Working data -
──────────
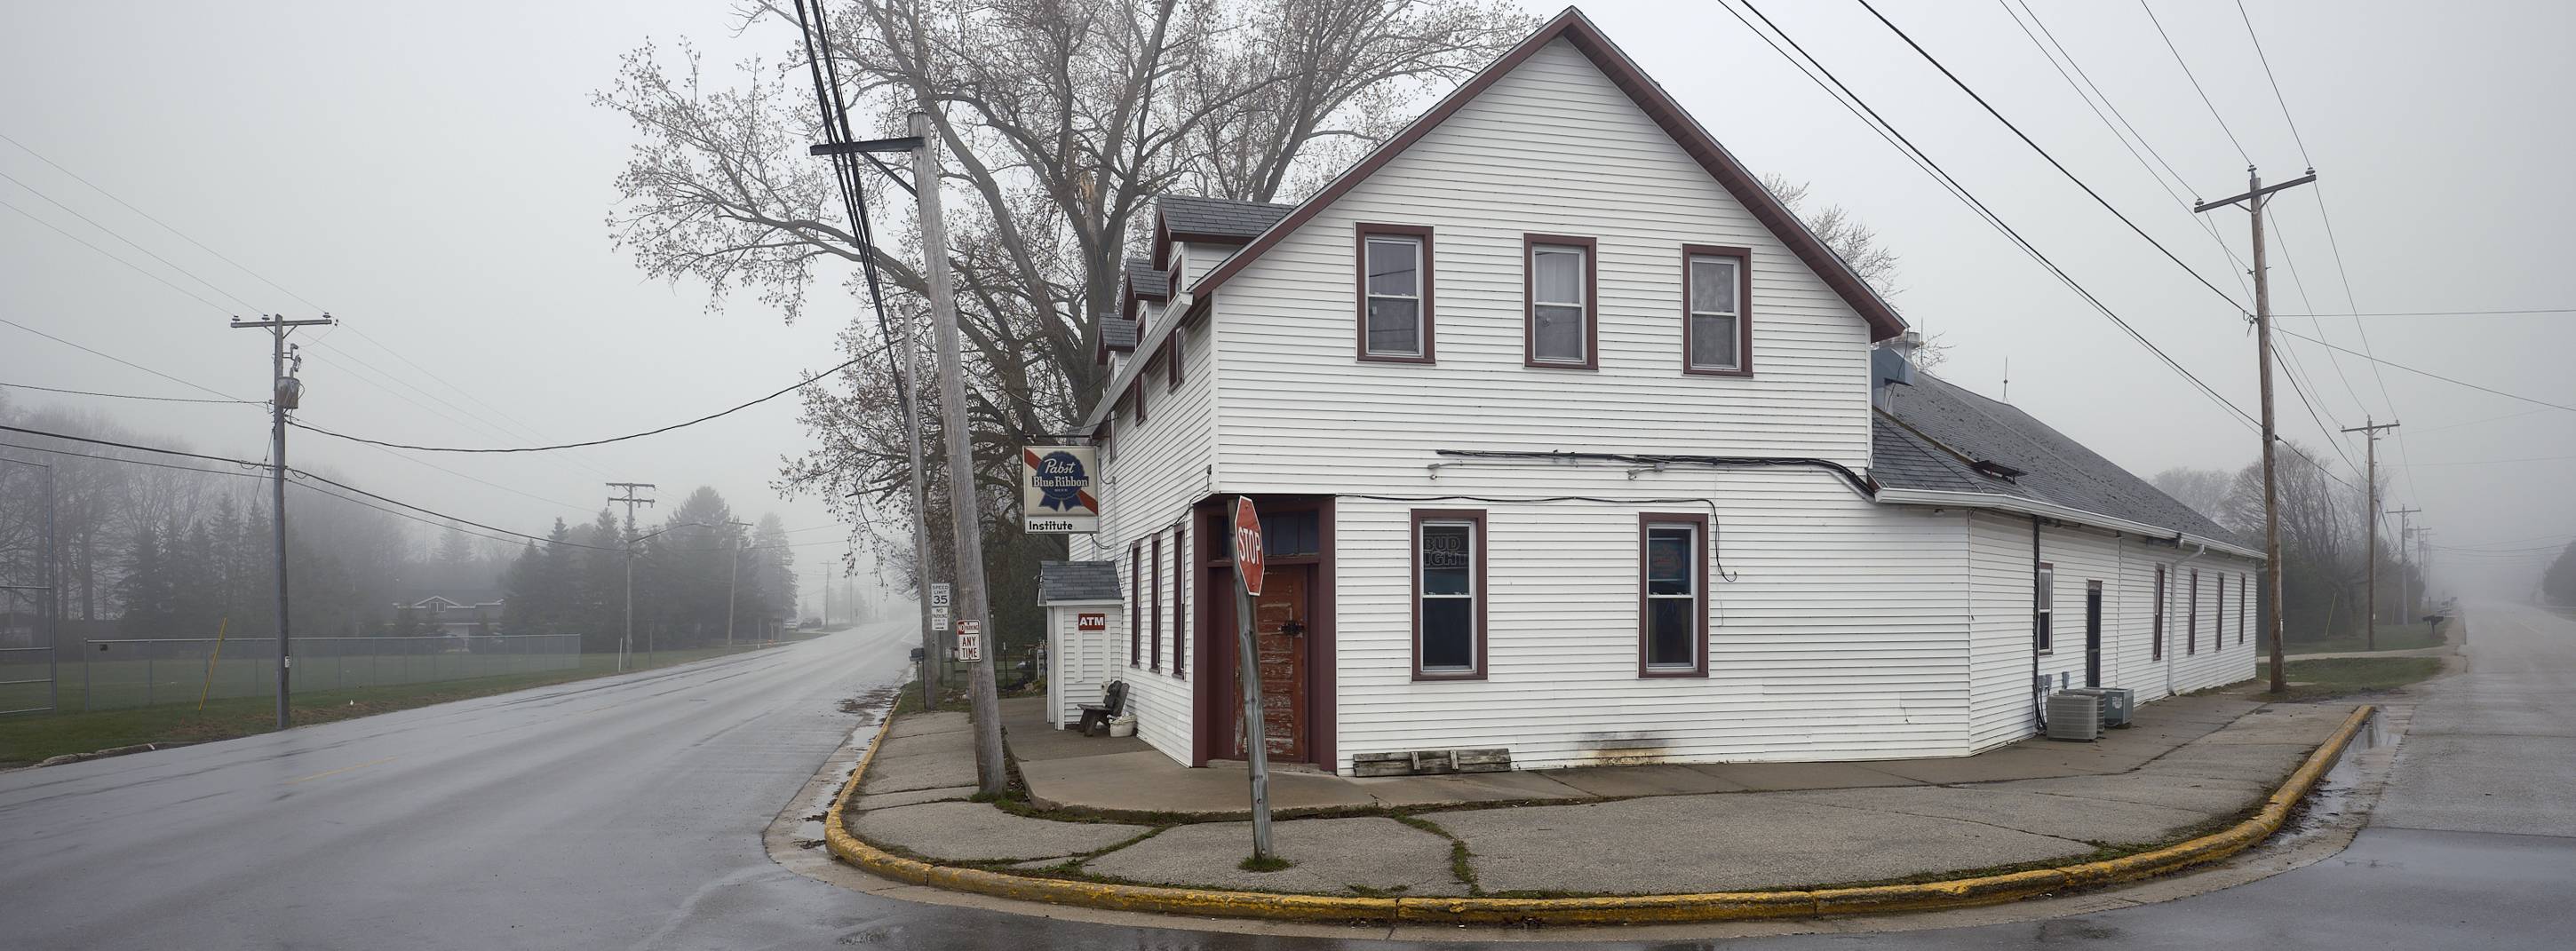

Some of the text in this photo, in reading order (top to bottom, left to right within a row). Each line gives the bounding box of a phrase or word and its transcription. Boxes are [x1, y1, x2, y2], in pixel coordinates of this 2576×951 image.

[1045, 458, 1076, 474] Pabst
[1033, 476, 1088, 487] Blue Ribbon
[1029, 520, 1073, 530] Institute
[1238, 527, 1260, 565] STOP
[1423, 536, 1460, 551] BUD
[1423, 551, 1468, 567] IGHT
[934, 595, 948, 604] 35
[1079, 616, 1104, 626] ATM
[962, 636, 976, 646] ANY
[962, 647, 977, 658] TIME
──────────
Prompt -
Would you please repeat all the data word for word, but without the pictures?

Written reply -
Some of the text in this photo, in reading order (top to bottom, left to right within a row). Each line gives the bounding box of a phrase or word and its transcription. Boxes are [x1, y1, x2, y2], in pixel coordinates of this 2576×951 image.

[1045, 458, 1076, 474] Pabst
[1033, 476, 1088, 487] Blue Ribbon
[1029, 520, 1073, 530] Institute
[1238, 527, 1260, 565] STOP
[1423, 536, 1460, 551] BUD
[1423, 551, 1468, 567] IGHT
[934, 595, 948, 604] 35
[1079, 616, 1104, 626] ATM
[962, 636, 976, 646] ANY
[962, 647, 977, 658] TIME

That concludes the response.